- Aubrey Eichel
- PowerBuilder
- Thursday, 3 May 2018 10:42 PM UTC
Our PowerBuilder application is 2017 Build 1666 on Windows 7. We have also tried this in PowerBuilder 12.5.1, unsuccessfully.
We are implementing new functionality that will require us to implement a dll. We are creating the dll using the minGW version gcc version 6.3.0 (MinGW.org GCC-6.3.0-1) (although we have also tried it in Visual C with the same results) compiler. When we test the dll using a test C program compiled with the same compiler, everything works fine. However, when we call it from PowerBuilder we get an error number 15 with the message “Error calling external function test2;Ansi” …
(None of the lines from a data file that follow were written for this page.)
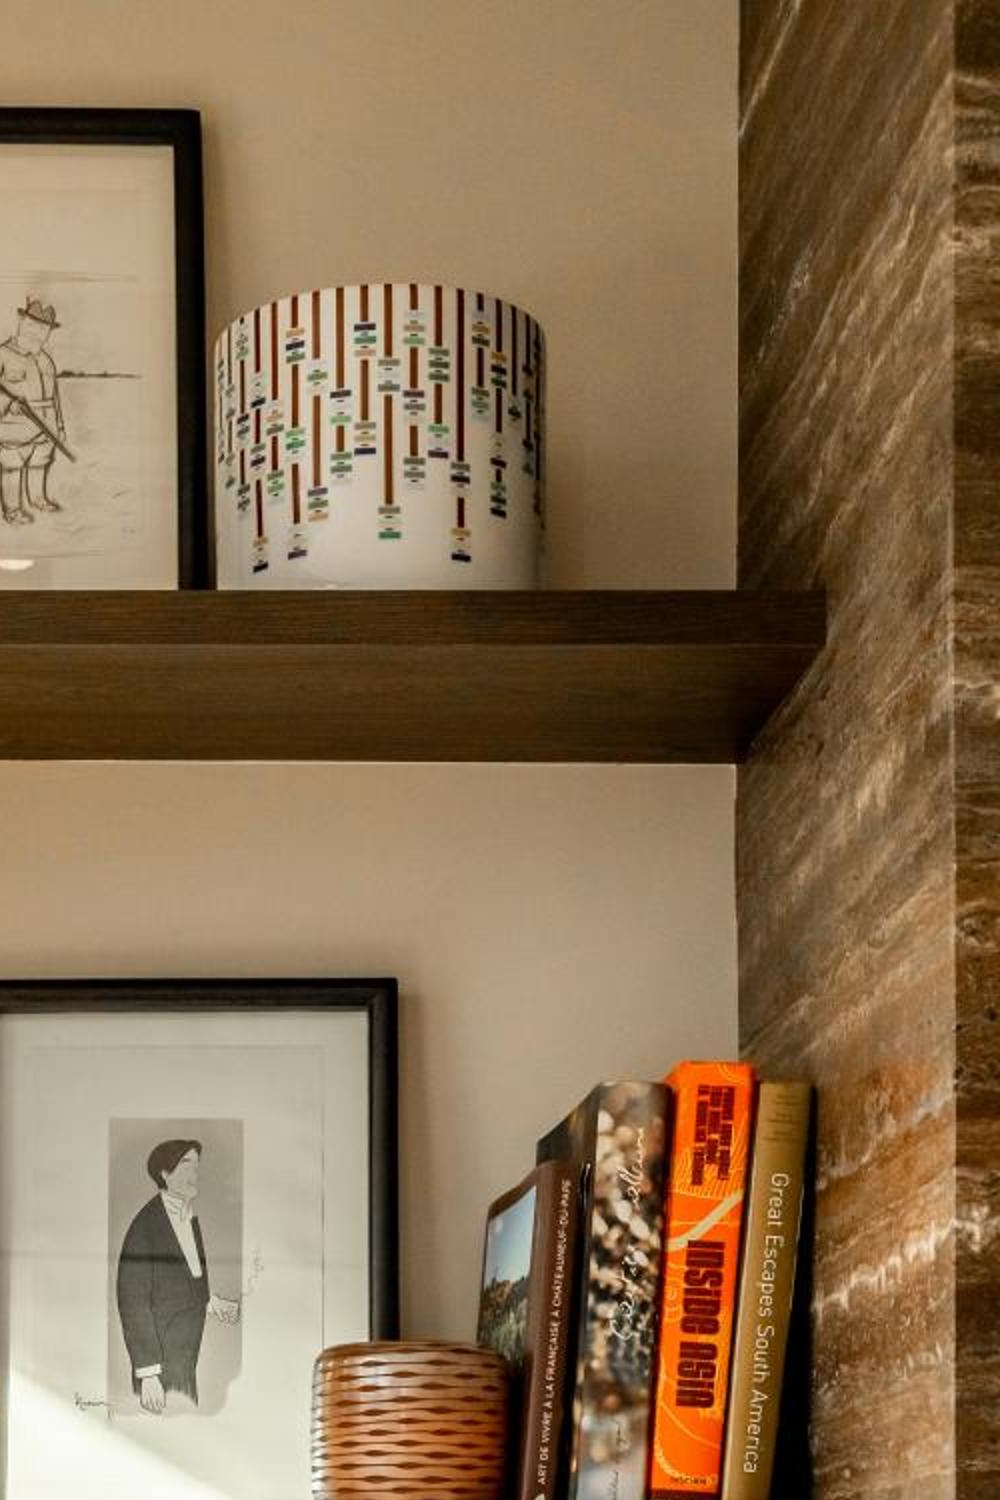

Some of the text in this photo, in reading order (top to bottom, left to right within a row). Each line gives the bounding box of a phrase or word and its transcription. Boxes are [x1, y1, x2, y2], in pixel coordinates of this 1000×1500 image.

[744, 1172, 788, 1474] Great Escapes South America
[543, 1383, 555, 1399] LA
[540, 1414, 552, 1443] VIVRE
[538, 1446, 549, 1461] DE
[537, 1464, 548, 1485] ART
We have created our test based on the “Passing strings” example in the Application Techniques document in the Using External Functions… section.
It appears that we are doing everything as suggested so are wondering if anyone has run into this situation and knows what little (or large embarrassing) thing we’ve missed, either in our PowerBuilder definition or the dll itself.
The dll itself contains two functions. The first returns a string and has no arguments. The second function returns a string and has a single string as an argument. Both functions cause the above error. We have tried several different datatypes and as long as an argument is defined, we get the same error.
The PowerBuilder Local External Function declarations are (we have also tried it without the Alias):
FUNCTION string test1 () LIBRARY "testdll.dll" alias for "test1;Ansi"
FUNCTION string test2 (string InString) LIBRARY "testdll.dll" alias for "test2;Ansi"
The PowerBuilder logic that executes these functions is:
String ls_InString = 'Test Executed Successfully'
String ls_Return
ls_Return = test1 () // This is successful
ls_Return = test2 (ls_InString) // This is not
The C code is:
#include
#include
#include "testdll.h"
__stdcall char* test1(void)
{
return "Testing 1...";
}
__stdcall char* test2(char *s)
{
return "Test 2";
}
Although everything we have read indicates we should use __stdcall, if we remove the __stdcall, or change it to __cdecl, test1 without an argument functions correctly and test2 with the argument returns an error number 42 indicating that the datatypes of the argument are mismatched.
Any suggestions you have will be greatly appreciated. Thanks in advance for your assistance.